AMD Radeon HD 6970 & 6950 Debut: Enter Cayman
Our Summary and Conclusion
Performance Summary: AMD's new Radeon HD 6900 series cards performed very well throughout our entire battery of benchmarks, but clearly pin-pointing their positions in the current 3D lanscape is somewhat difficult. We ran eight different games and applications to test the Radeon HD 6900 series cards. In four of those eight apps (3DMark11, AvP, F1 2010, and Metro 2033), the Radeon HD 6970 was faster than the somewhat similarly priced GeForce GTX 570. In three apps it was slower (Unigine, Just Cause 2, and Lost Planet 2), and in the remaining one (FarCry 2) they performed at roughly the same level. We guess technically it would be fair to say the Radeon HD 6970 has a slight edge in overall performance, but in all fairness the trend could easily swing in the GeForce's favor with a different mix of apps that rely more heavily on tesselation effects. So, for all intents and purposes we'd have to call the battle between the Radeon HD 5970 and GeForce GTX 570 a draw, strictly in terms of performance. The Radeon HD 6950, however, has a clear edge over the Radeon HD 5870. It's also going to debut at roughly the same price, and it offers 2x the frame buffer memory. If you were contemplating a Radeon HD 5870 purchase, scrap that idea and go for the 6950.
The Radeon HD 6970 and 6950, Side By Side
By now the reasoning for NVIDIA’s quick-fire, somewhat stealthy releases of the GeForce GTX 570 and GTX 580 should be clear. If AMD was able to get Cayman and the Radeon HD 6900 series cards out the door while the GeForce GTX 480 was still NVIDIA’s flagship GPU, AMD could have staked a claim for the fastest single-GPU and dual-GPU solutions on the market. As it stands today though, The GeForce GTX 570 definitely steals some of the Radeon HD 6900 series’ thunder and the GeForce GTX 580 remains the highest performing, single-GPU around.

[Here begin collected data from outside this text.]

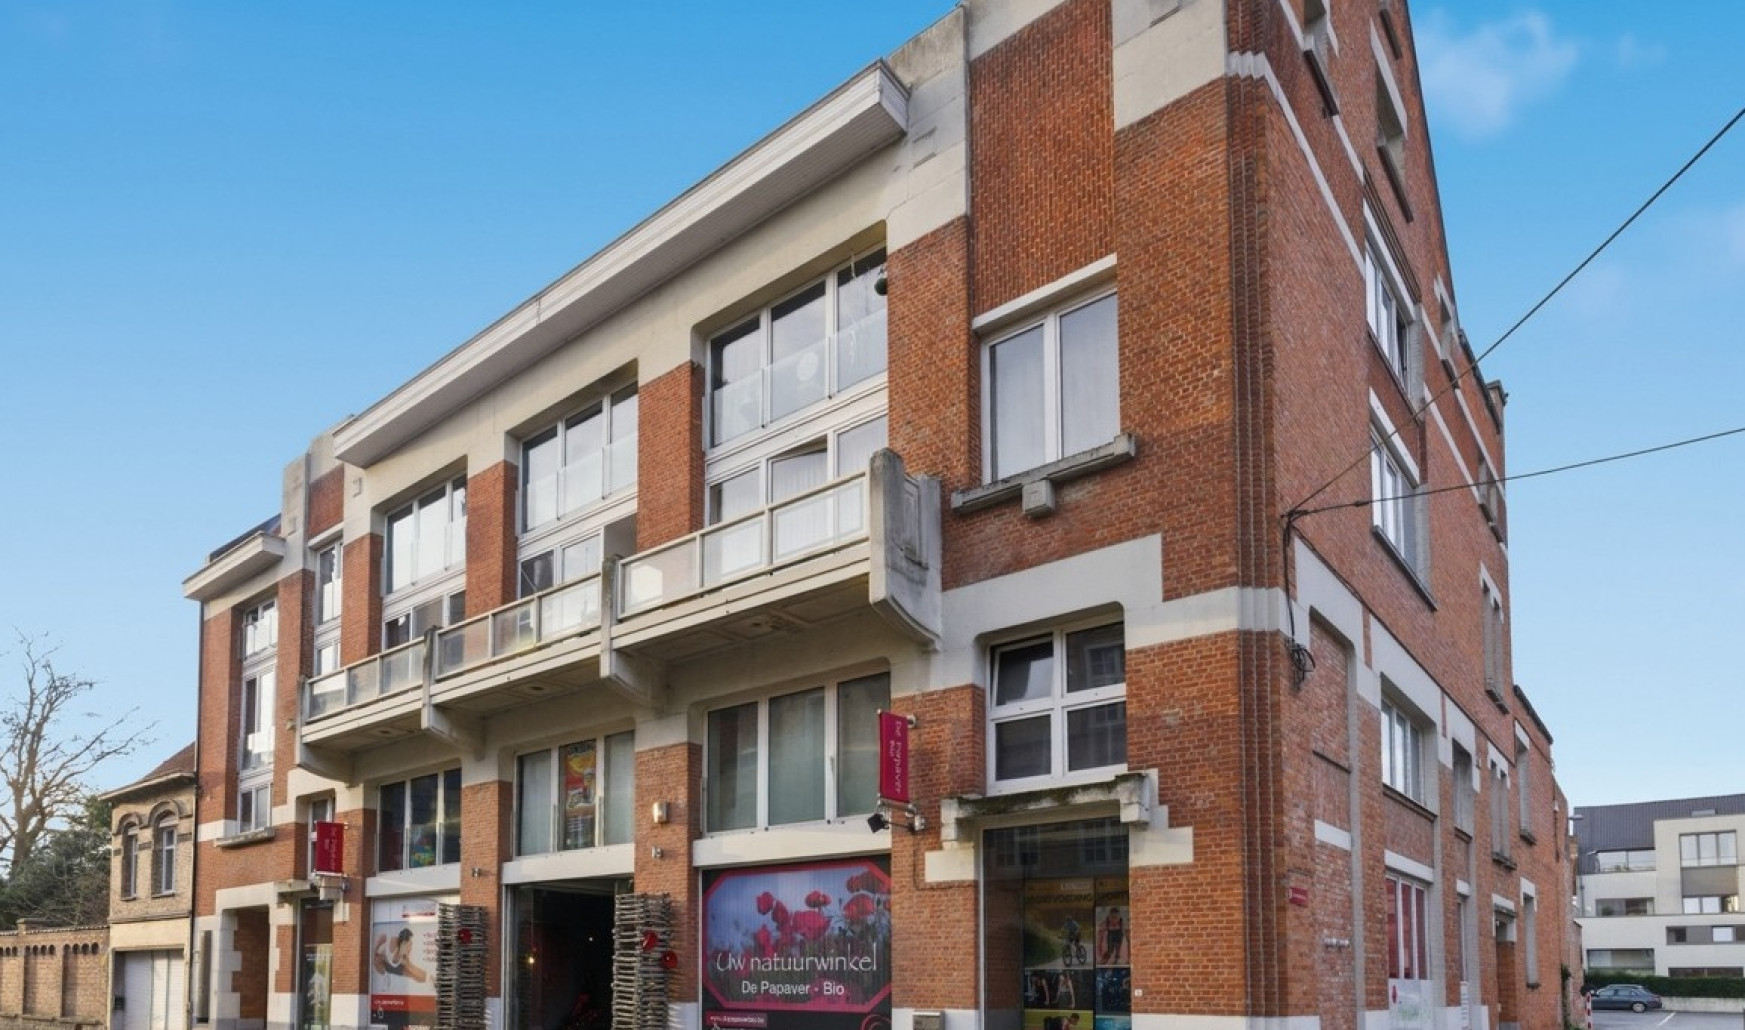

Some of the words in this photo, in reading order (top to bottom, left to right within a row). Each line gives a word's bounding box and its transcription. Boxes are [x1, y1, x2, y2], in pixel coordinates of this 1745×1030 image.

[716, 952, 746, 971] Uw
[750, 941, 877, 971] natuurwinkel
[742, 980, 757, 993] De
[761, 981, 810, 996] Papaver
[823, 981, 844, 996] Bio

Both the Radeon HD 6970 and Radeon HD 6950 should be hitting your favorite e-tailers immediately with MSRPs of $369 and $299, respectively. In light of our benchmark results, the Radeon HD 6970 may be priced just a tad high, but the more flexible output configuration with Eyefinity support and the large 2GB frame buffer warrant a small premium.
Now that we’ve seen what the Cayman GPU can do, we’re excited to see what AMD has in store with Antilles and the 6990. Looking at our power consumption numbers, it’s probably a safe to say that the Radeon HD 6990 won’t simply be two 6970’s bolted onto a single card, but more likely something along the lines of a hybrid mix of the 6970 and 6950, like the 5970 was in comparison to the 5870 and 5850. Regardless, looking at the dual-card Radeon HD 6950 CrossFire scores versus the single GeForce GTX 580 and the generally very good CrossFire scaling we saw throughout testing, we’re excited at the prospect of dual-Cayman powered graphics card. It may not be here in time for the holidays, but on the single-GPU front AMD is certainly competitive with NVIDIA again heading into the final days of the holiday buying season.